Long amplicons were optimized that covered CYP2D6 and its upstream duplicated copy when present, which were barcoded, purified and pooled, and subjected to SMRT sequencing. Using a novel error-correction algorithm to make the most of the long-read data, variant calling was accomplished using a custom GATK-based pipeline that included an amplicon long-read error correction (ALEC) script. The CYP2D6 SMRT sequencing assay validation included three sets of samples: positive controls with previously determined genotype and diplotype data available; copy number variation controls to test the ability to specifically sequence duplicated alleles; and a set of publicly available samples with discordant or unclear CYP2D6 genotyping results from a previously reported CDC GeT-RM reference material study.
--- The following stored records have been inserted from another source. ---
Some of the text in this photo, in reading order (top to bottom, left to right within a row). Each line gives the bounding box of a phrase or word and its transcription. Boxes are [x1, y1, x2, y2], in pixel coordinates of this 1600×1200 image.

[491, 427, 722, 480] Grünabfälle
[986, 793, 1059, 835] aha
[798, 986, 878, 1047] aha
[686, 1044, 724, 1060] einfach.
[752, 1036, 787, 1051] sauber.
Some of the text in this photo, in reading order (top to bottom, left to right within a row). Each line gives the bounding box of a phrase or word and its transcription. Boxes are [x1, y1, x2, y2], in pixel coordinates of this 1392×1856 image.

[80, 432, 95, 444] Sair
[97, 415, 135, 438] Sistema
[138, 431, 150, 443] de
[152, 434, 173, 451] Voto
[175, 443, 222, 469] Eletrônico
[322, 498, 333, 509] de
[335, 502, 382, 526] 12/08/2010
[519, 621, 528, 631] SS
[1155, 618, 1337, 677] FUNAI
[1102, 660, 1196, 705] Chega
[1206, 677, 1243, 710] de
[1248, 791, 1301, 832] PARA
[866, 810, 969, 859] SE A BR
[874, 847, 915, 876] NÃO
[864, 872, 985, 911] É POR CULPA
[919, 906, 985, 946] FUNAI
The results showed that long-read CYP2D6 SMRT sequencing accurately detected all CYP2D6 alleles and was capable of characterizing duplicated alleles. Even with the challenging discordant or unclear samples, we found that long-read sequencing could clarify their diplotypes.
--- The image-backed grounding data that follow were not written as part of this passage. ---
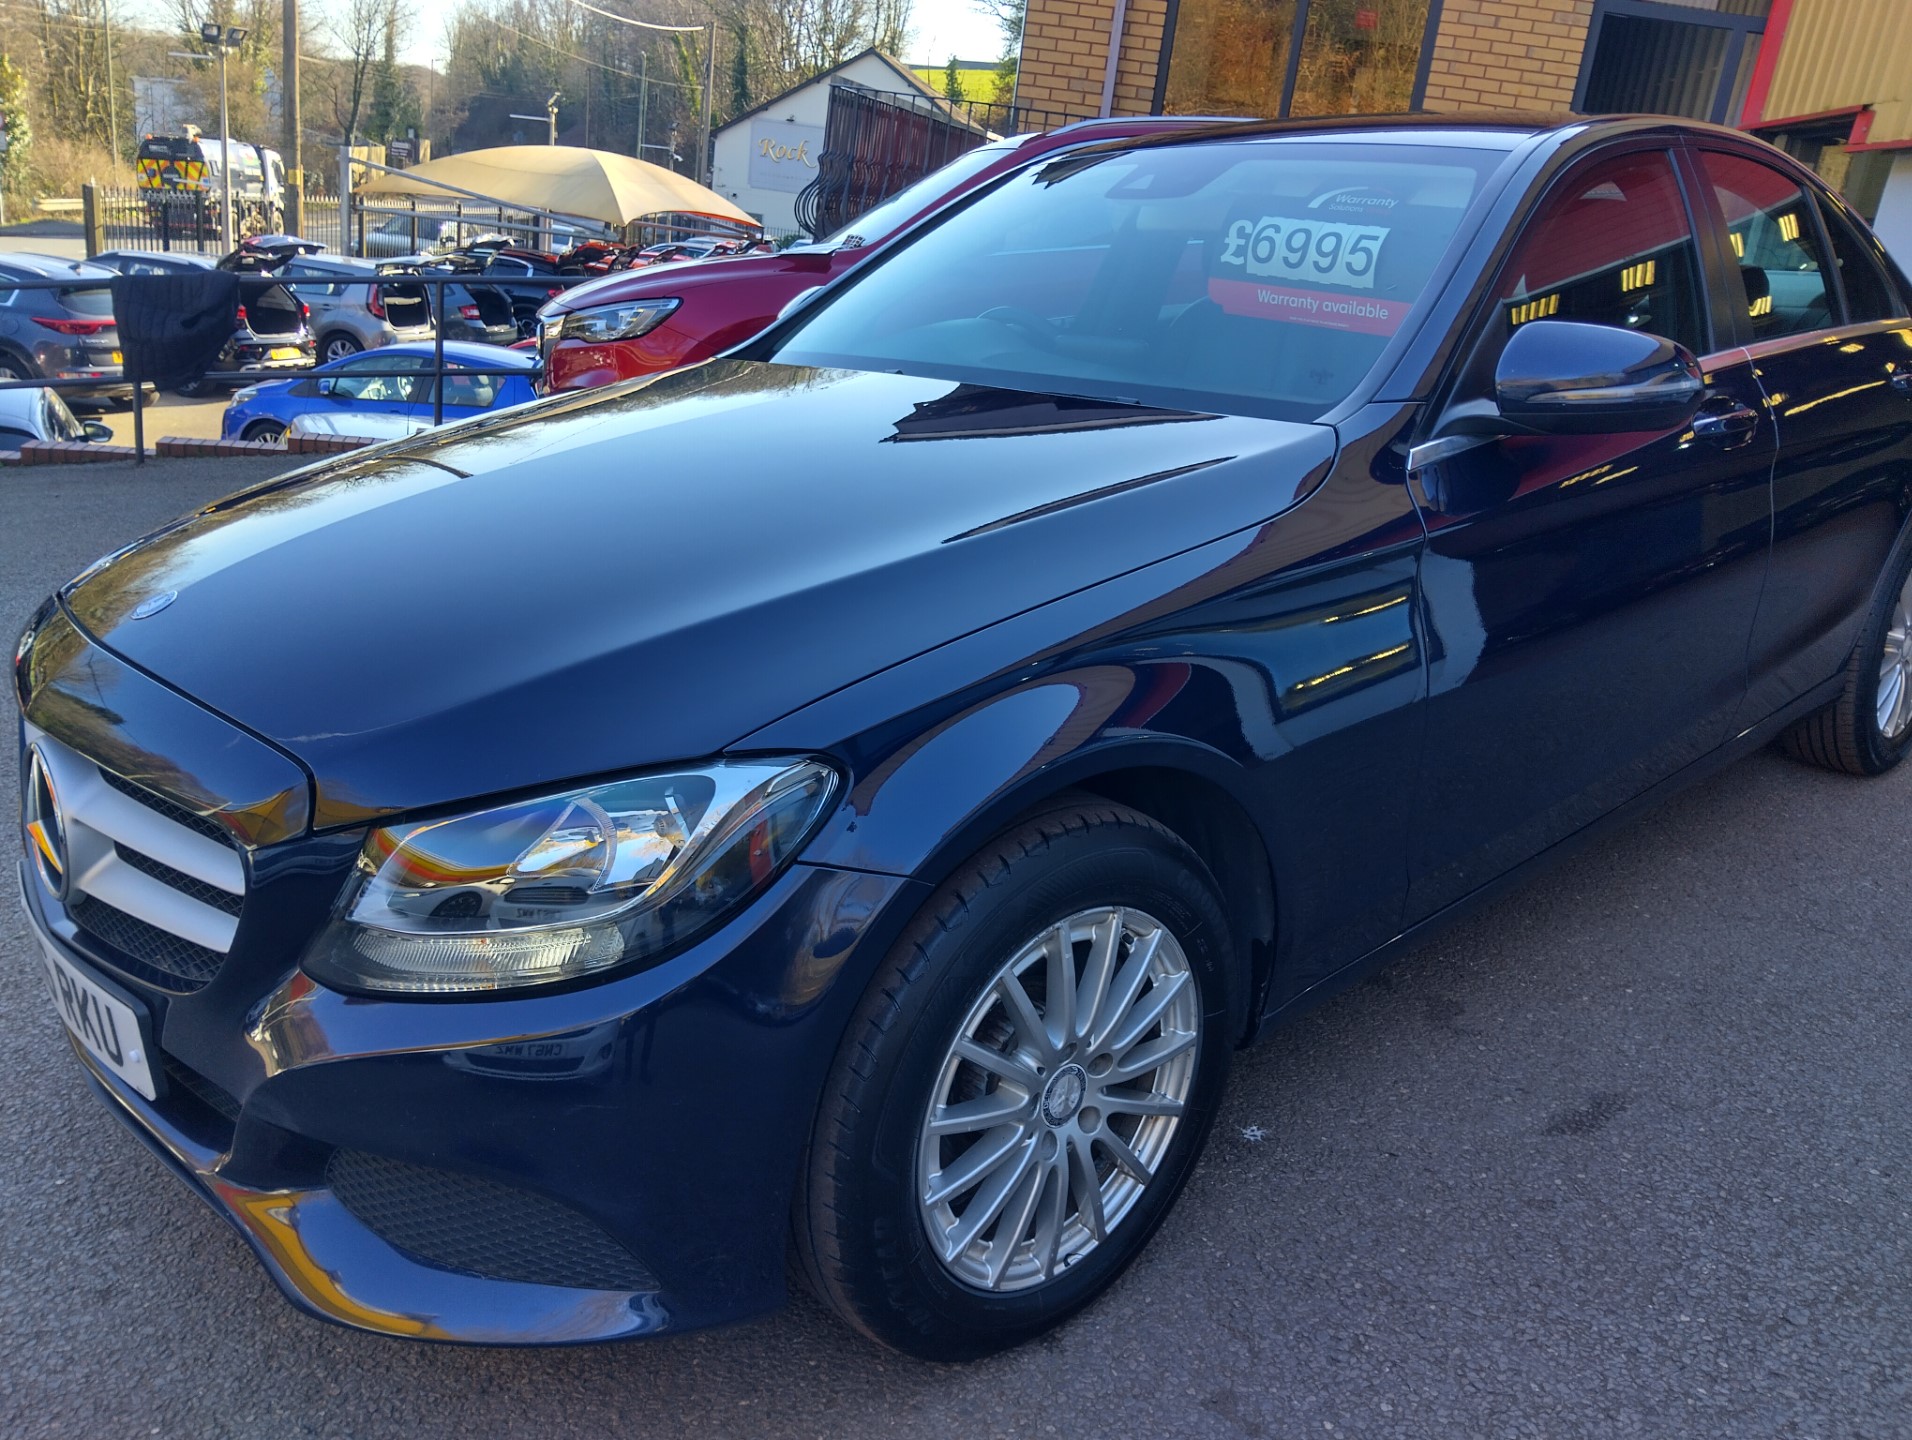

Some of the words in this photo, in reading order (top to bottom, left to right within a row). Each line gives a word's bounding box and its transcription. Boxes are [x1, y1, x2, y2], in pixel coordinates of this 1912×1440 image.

[758, 138, 817, 168] Rock
[1336, 194, 1399, 209] Warranty
[1221, 219, 1380, 277] £6995
[1258, 289, 1319, 313] Warranty
[1323, 301, 1389, 320] available
Although the method development study was not designed for discovery, three novel CYP2D6 alleles were discovered during the assay validation that were not previously reported by the Human Cytochrome P450 (CYP) Allele Nomenclature Committee. In fact, ~20 percent of the samples used to evaluate CYP2D6 SMRT sequencing were revised to either a non-genotyped or novel star (*) allele, which highlights how long-read sequencing can reveal previously unrecognized variation in well-studied genes and specimens that were previously tested by other technologies.
Opportunities for discovery
The ability to fully interrogate the CYP2D6 locus will expand our knowledge of this region’s genetic diversity and facilitate the discovery of novel alleles in different populations, particularly among understudied racial and ethnic groups. However, although CYP2D6 SMRT sequencing will likely result in the identification of more precise diplotypes, increased discoveries of rare and novel star (*) alleles means that functional studies are going to be needed to determine the effect of these low-frequency sequence variants on enzyme activity.
One of the challenges of pharmacogenomics has been the inconsistent results reported between research studies due to different alleles being genotyped and differences in patient populations. By using long-read CYP2D6 SMRT sequencing in diverse clinical trial populations, the community could have far better resources to more accurately predict response of CYP2D6-metabolized drugs across different ethnicities, from the early phases of drug discovery to the physician ultimately issuing a prescription of that medication. This advance, and others like it, should help renew the enthusiasm around pharmacogenomics as a sound approach for improving patient care and reducing the cost and risk of adverse drug events.